The answer givens says:
grep -v “^#” 1000gp.vcf | cut -f 1 | head
but should be:
grep -v “^#” 1000gp.vcf | cut -f 1 | head -10
Right?
@Jack
Answering my own question – I see that the default for head “is” the first ten lines. Doh!
@Jack
No worries. That was one of the points of putting that in there.
These were fun exercises. I have used Linux and Mac Os X for many years and I am comfortable around the shell but it was nice to see some good tips on what is possible to do with the shell. I would never have thought that analyzing Bio datasets from shell could be so simple.
@Orion Buske
If it is the first case, the unmatched parenthesis/quote/etc, you’ll probably see a “>” prompt instead of a “$” prompt.
If you see no prompt at all, it’s likely the second case: something is reading from stdin. You can interrupt it (ctrl-c) or send it an end of input character (ctrl-d).
[Edit: this was meant to be a reply to @david babalola, comment #12]
@luis
Indeed.
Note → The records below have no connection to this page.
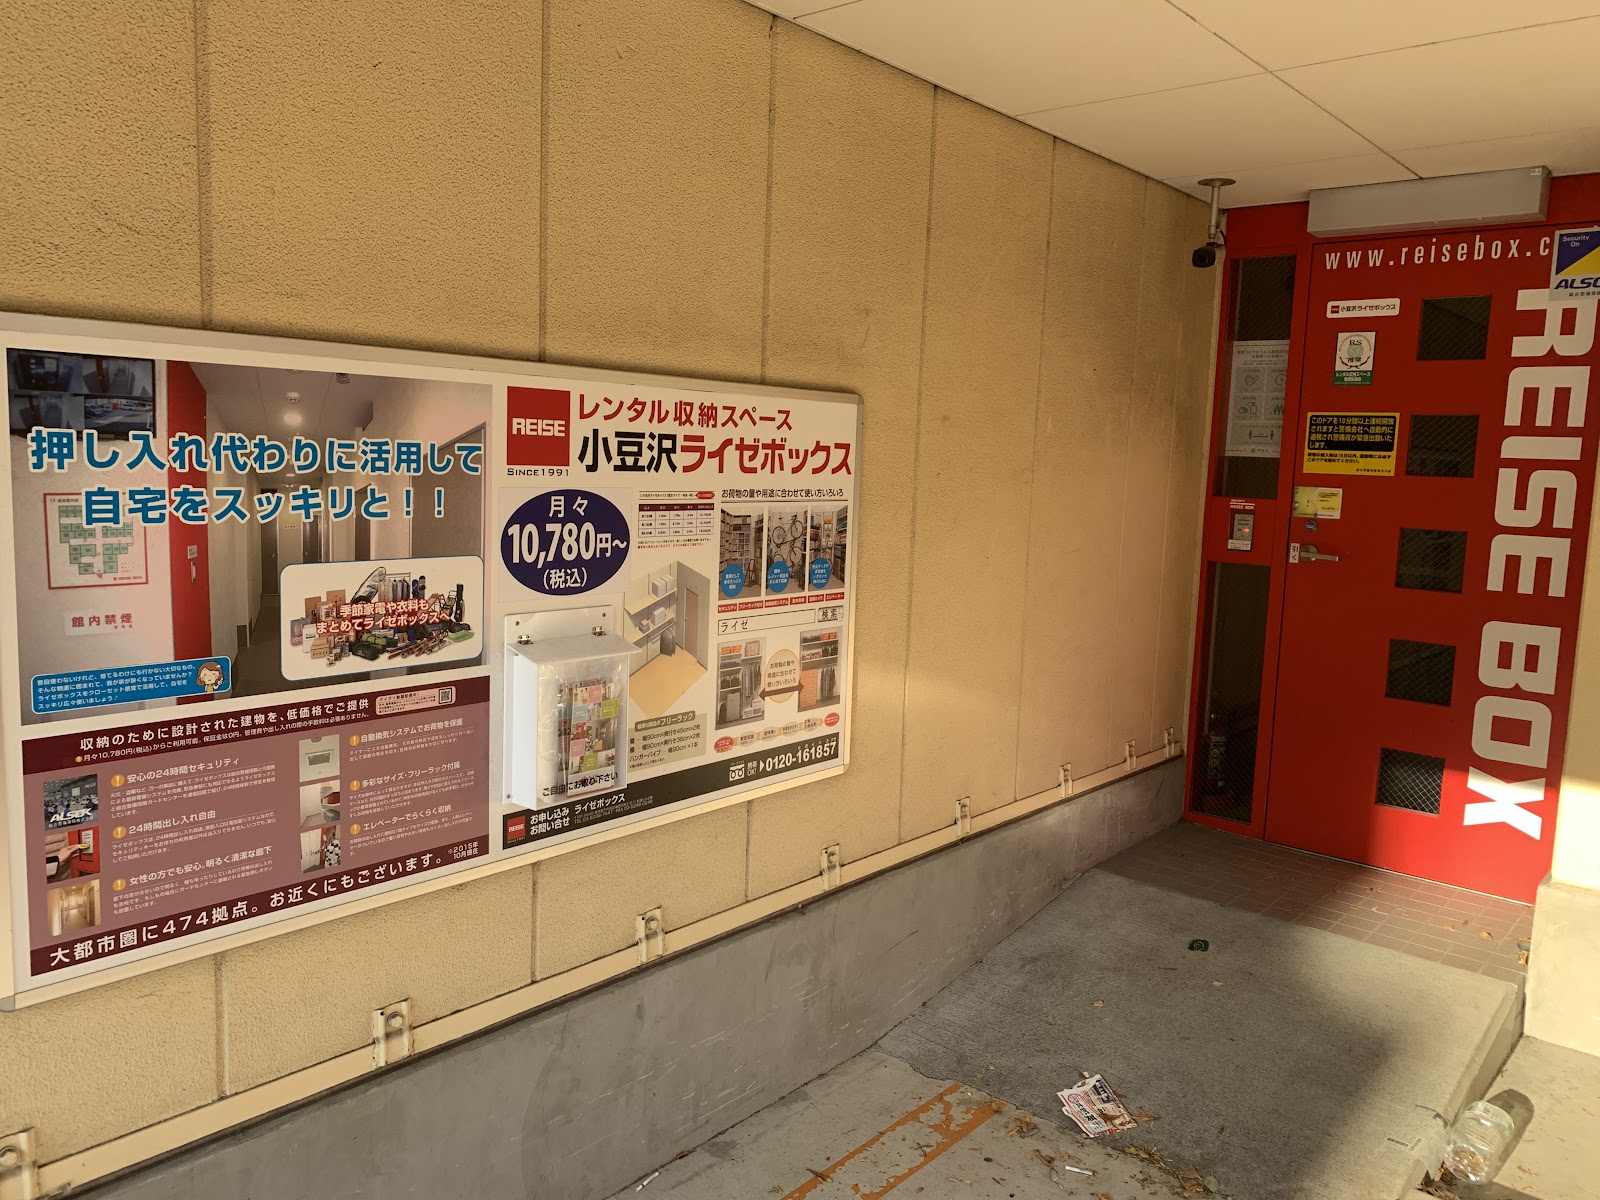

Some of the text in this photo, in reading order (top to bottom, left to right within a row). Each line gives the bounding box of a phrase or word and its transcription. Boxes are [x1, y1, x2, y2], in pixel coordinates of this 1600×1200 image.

[1562, 235, 1590, 243] Security
[1325, 234, 1550, 270] www.reisebox.c
[1341, 304, 1396, 312] 小豆沢ライゼボックス
[577, 392, 793, 432] レンタル収納スペース
[512, 417, 566, 437] REISE
[29, 428, 484, 474] 押し入れ代わりに活用して
[577, 427, 852, 476] 小豆沢ライゼボックス
[1486, 288, 1597, 598] REISE
[721, 488, 844, 499] お荷物の量や用途に合わせて使い方いろいろ
[83, 486, 446, 527] 自宅をスッキリと！！
[548, 495, 590, 518] 月々
[1292, 545, 1299, 561] 引く
[340, 598, 429, 618] 季節家電や衣料も
[821, 608, 838, 620] 検索
[71, 613, 133, 628] 館内禁煙
[316, 612, 451, 635] まとめてライゼボックスへ
[721, 619, 749, 633] ライゼ
[767, 668, 797, 679] 用途に合わせて
[769, 660, 795, 669] お荷物の量や
[767, 677, 797, 688] 使い方いろいろ
[80, 698, 369, 751] 収納のために設計された建物を、低価格でご提供
[361, 718, 463, 743] 自動換気システムでお荷物を保護
[1463, 620, 1562, 840] BOX
[630, 750, 661, 762] ハンガーパイプ
[765, 741, 837, 772] 0120-161857
[127, 758, 240, 784] 安心の24時間セキュリティ
[362, 761, 461, 788] 多彩なサイズ・フリーラック付属
[542, 772, 619, 796] ご自由にお取り下さい
[574, 793, 626, 815] ライゼボックス
[49, 808, 93, 823] ALSOK
[128, 810, 216, 834] 24時間出し入れ自由
[363, 804, 452, 831] エレベーターでらくらく収納
[530, 807, 570, 825] お申し込み
[530, 817, 571, 836] お問い合せ
[508, 823, 525, 833] REISE
[453, 847, 479, 860] 10月現在
[129, 846, 273, 886] 女性の方でも安心。明るく清潔な廊下
[50, 852, 443, 968] 大都市圏に474拠点。 お近くにもございます。
I guess I forgot about the “>”. Thanks for clarifying that point.
@Brynjar
Thanks for your feedback! I’m glad you enjoyed them. It’s always impressive how much can be done by combining a few shell commands together. Once you include a few sed/awk/perl one-liners as well, you can do almost anything with line-based text files.
Is there a good online reference for all the different shell commands?
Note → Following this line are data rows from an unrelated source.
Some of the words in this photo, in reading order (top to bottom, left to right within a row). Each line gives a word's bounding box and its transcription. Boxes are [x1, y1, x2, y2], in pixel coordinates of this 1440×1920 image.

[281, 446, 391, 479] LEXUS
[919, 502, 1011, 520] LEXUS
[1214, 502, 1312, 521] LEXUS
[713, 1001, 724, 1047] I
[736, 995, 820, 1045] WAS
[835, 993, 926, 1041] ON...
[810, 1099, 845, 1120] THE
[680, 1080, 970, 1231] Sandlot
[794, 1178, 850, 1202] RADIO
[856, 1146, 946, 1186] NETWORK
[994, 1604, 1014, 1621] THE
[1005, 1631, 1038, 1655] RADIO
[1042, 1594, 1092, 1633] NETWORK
What happens if you “commit” your chrom_stats.sh file to the repository without “adding” it first?
@Arbora Resulaj
There isn’t one that I use, although a quick google found this nice summary:
http://ss64.com/bash/
@Arelia
You have to ‘svn add’ the file in order to have svn track it. If you do a commit without it, svn will just ignore the file. It will stay in your working copy, but it won’t be committed to the repository.
For the last exercise, it turns out there is a better way of achieving the same thing (and more!). In a script, $1 refers to the first command line argument of the script. Thus the file can contain
grep -v ^# $1 | cut -f 1 | sort -n | uniq -c
and it will work with a file name as in
$ ./chrom_stats.sh 1000gp.vcf
If no file name is given, then $1 has no value and the script will read from standard input.
@Loïc Séguin
This is a good point!
As an aside, I put `set -o pipefail`, `set -o errexit`, and `set -o nounset` at the top of all of my shell scripts to prevent runaway errors and catch obvious typos. The last of these makes it less straightforward to do what you are suggesting.